Thinking I was being too obvious, particularly having just told Twitter I was in Russell Square, I tweeted a photo of the base of a pillar as a clue to my next location.
I hadn’t intended this to be a stop on my trip as I’ve been before but, having had lunch by the fountain in Russell Square Gardens, I couldn’t resist a few minutes inside the British Museum.
I made my way to the Enlightenment Gallery. I enjoy this room, which usually seems calm (relative to the bustling Egyptian galleries opposite) and is full of interesting small pieces including scientific instruments. I hadn’t realised but I had just missed the “eye–opener gallery tour” (Free; Daily, 12.30; for 30–40 minutes).
Having seen the King’s Library in the British Library earlier that morning, I was interested to read that this room was the previous location of the same library. Apparently its donation caused a building programme to expand the British Museum and this room was built in 1827 specifically to house the new library.
After the King’s Library was moved to the British Library in 1997, a restoration of the gallery in 2000-3 “revived the original room to its previous glory of the 1820s”:
Repairs to the oak and mahogany floor and classical architectural features have refreshed the space. Hundreds of square metres of plaster were cleaned to restore the yellow and gold ornamentation and the re-gilded balcony.

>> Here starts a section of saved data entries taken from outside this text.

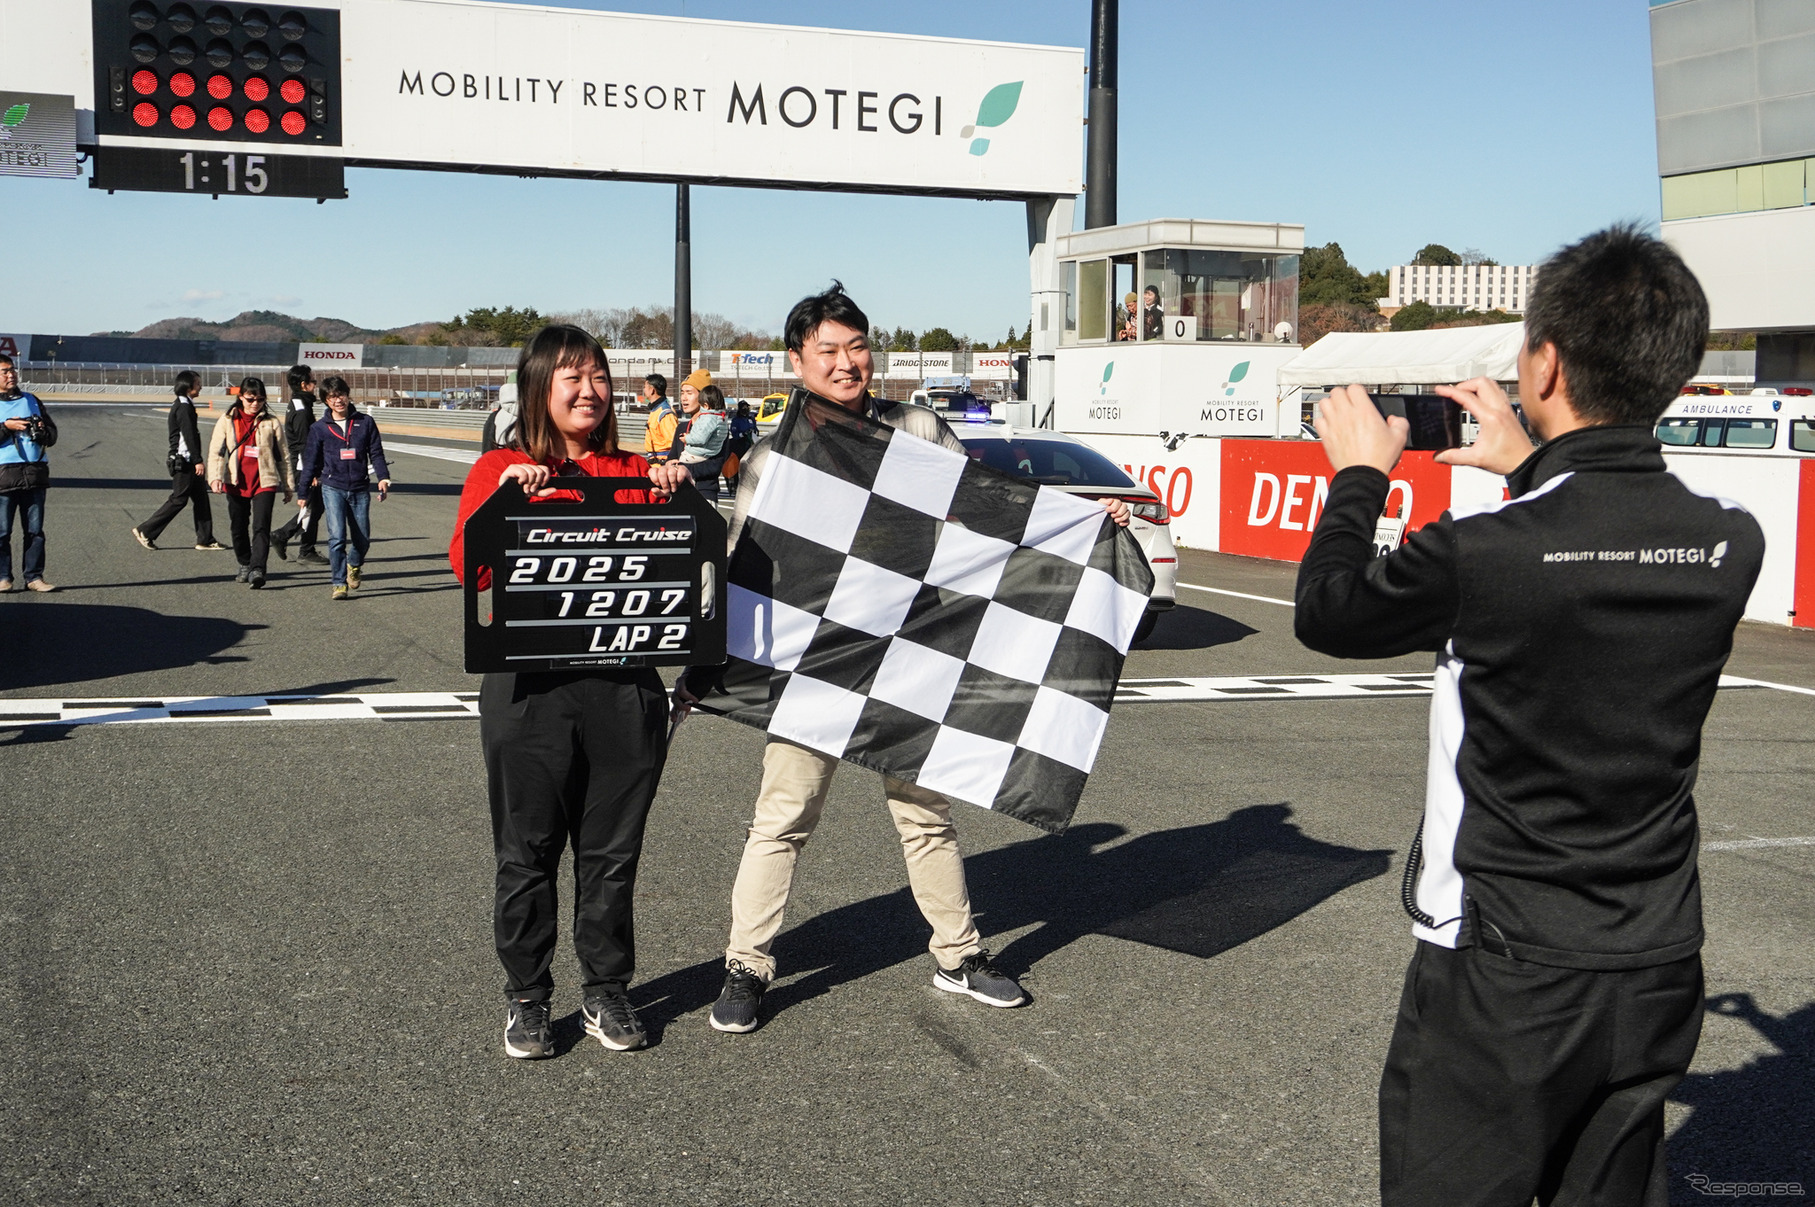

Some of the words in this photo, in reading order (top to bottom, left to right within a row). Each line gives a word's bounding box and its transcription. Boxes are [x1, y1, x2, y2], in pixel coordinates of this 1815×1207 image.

[399, 69, 563, 104] MOBILITY
[583, 81, 706, 112] RESORT
[727, 80, 941, 136] MOTEGI
[180, 152, 268, 194] 1:15
[304, 351, 356, 359] HONDA
[978, 359, 1013, 367] HON
[1088, 406, 1121, 420] MOTEGI
[1200, 408, 1264, 421] MOTEGI
[1682, 404, 1753, 414] AMBULANCE
[1247, 472, 1413, 532] DENO
[526, 528, 610, 543] Circuit
[615, 527, 692, 542] Cruise
[1543, 551, 1595, 562] MOBILITY
[1598, 551, 1635, 561] RESORT
[1639, 548, 1705, 564] MOTEGI
[509, 556, 648, 583] 2025
[558, 589, 685, 617] 1207
[588, 625, 651, 652] LAP
[657, 624, 687, 649] 2
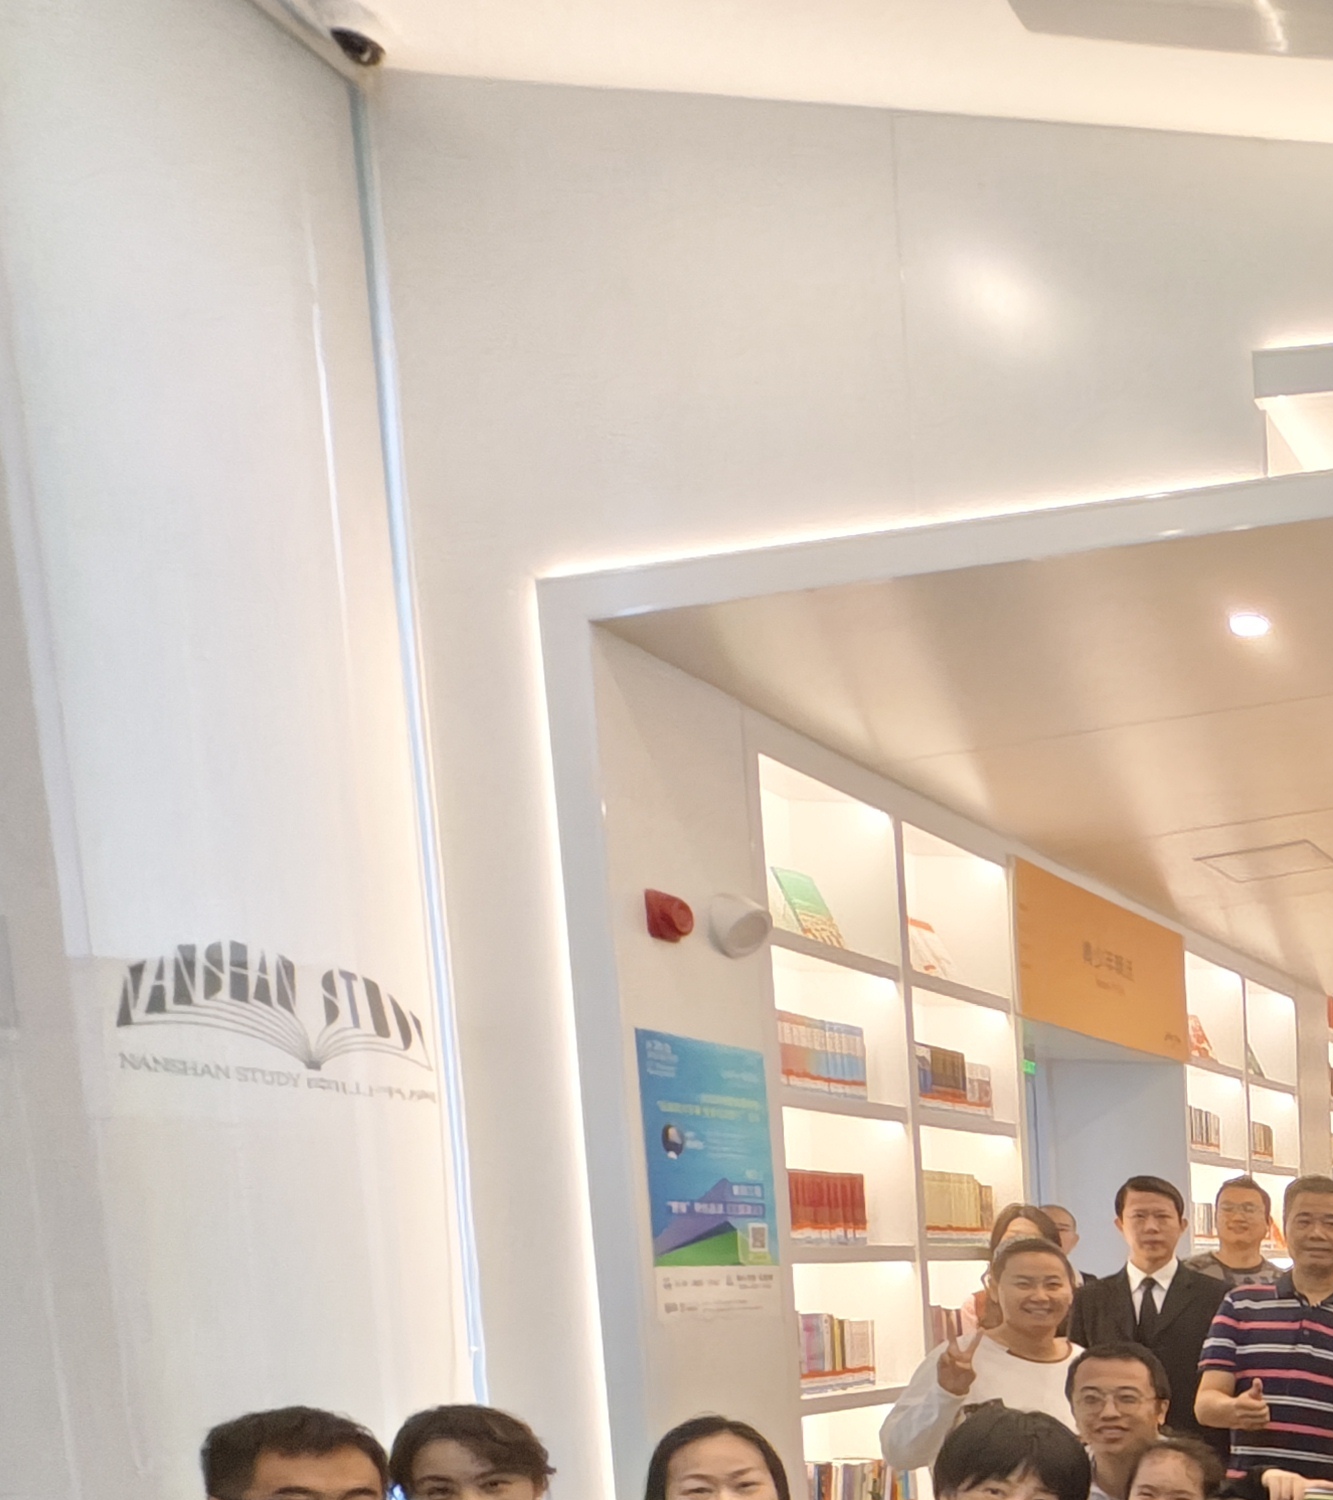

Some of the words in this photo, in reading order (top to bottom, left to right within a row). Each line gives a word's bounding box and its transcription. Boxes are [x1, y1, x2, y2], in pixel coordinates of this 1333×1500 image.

[116, 940, 297, 1027] NANSHAN
[118, 1052, 231, 1081] NANSHAN
[234, 1065, 300, 1088] STUDY

Two hundred kilometres of wiring (twice round the M25 motorway) enabled a subtle lighting system to be installed, which aims to complement the newly-restored colour scheme.

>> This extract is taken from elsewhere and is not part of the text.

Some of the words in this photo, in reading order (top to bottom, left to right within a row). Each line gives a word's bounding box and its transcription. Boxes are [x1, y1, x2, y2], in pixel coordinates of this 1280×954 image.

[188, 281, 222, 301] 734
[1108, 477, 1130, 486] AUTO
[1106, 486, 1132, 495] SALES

The result was that two centuries of use and London grime were washed away and a major permanent exhibition, using thousands of objects from the Museum collection to show how people understood their world in the Age of Enlightenment, was created.
To my surprise, no one had yet guessed my location! I tweeted a second clue, a row of postcards of the Rosetta Stone on sale in the museum shop, and Courtney Williams was quick to guess my location. Showing considerable wisdom, she tweeted:
I’d ask if I won a prize, but it was enough of a prize to take part
I said that was fortunate!
On my way out of the museum I popped my head around the corner to the Rosetta Stone.
The story of this stone is fairly famous and often, in my experience, mentioned in talks on cryptography.
After the stone was rediscovered in 1799 by Napoleon’s soldiers near the town of el-Rashid (Rosetta). The stone passed to British hands in the Treaty of Alexandria (1801), being exhibited in the British Museum since 1802 (apart from briefly moving to a safe location during wartime). The Enlightenment Gallery houses a replica of the stone positioned as originally displayed.
The stone carries a decree, crucially:
inscribed on the stone three times, in hieroglyphic (suitable for a priestly decree), demotic (the native script used for daily purposes), and Greek (the language of the administration).
The repetition of the same text in three languages was important to modern understanding of hieroglyphs, and through them our understanding of ancient Egyptian culture.
Thomas Young, an English physicist, was the first to show that some of the hieroglyphs on the Rosetta Stone wrote the sounds of a royal name, that of Ptolemy. The French scholar Jean-François Champollion then realized that hieroglyphs recorded the sound of the Egyptian language.
After my short but enjoyable visit to the museum, I moved on to my next location, which I will save for a later post.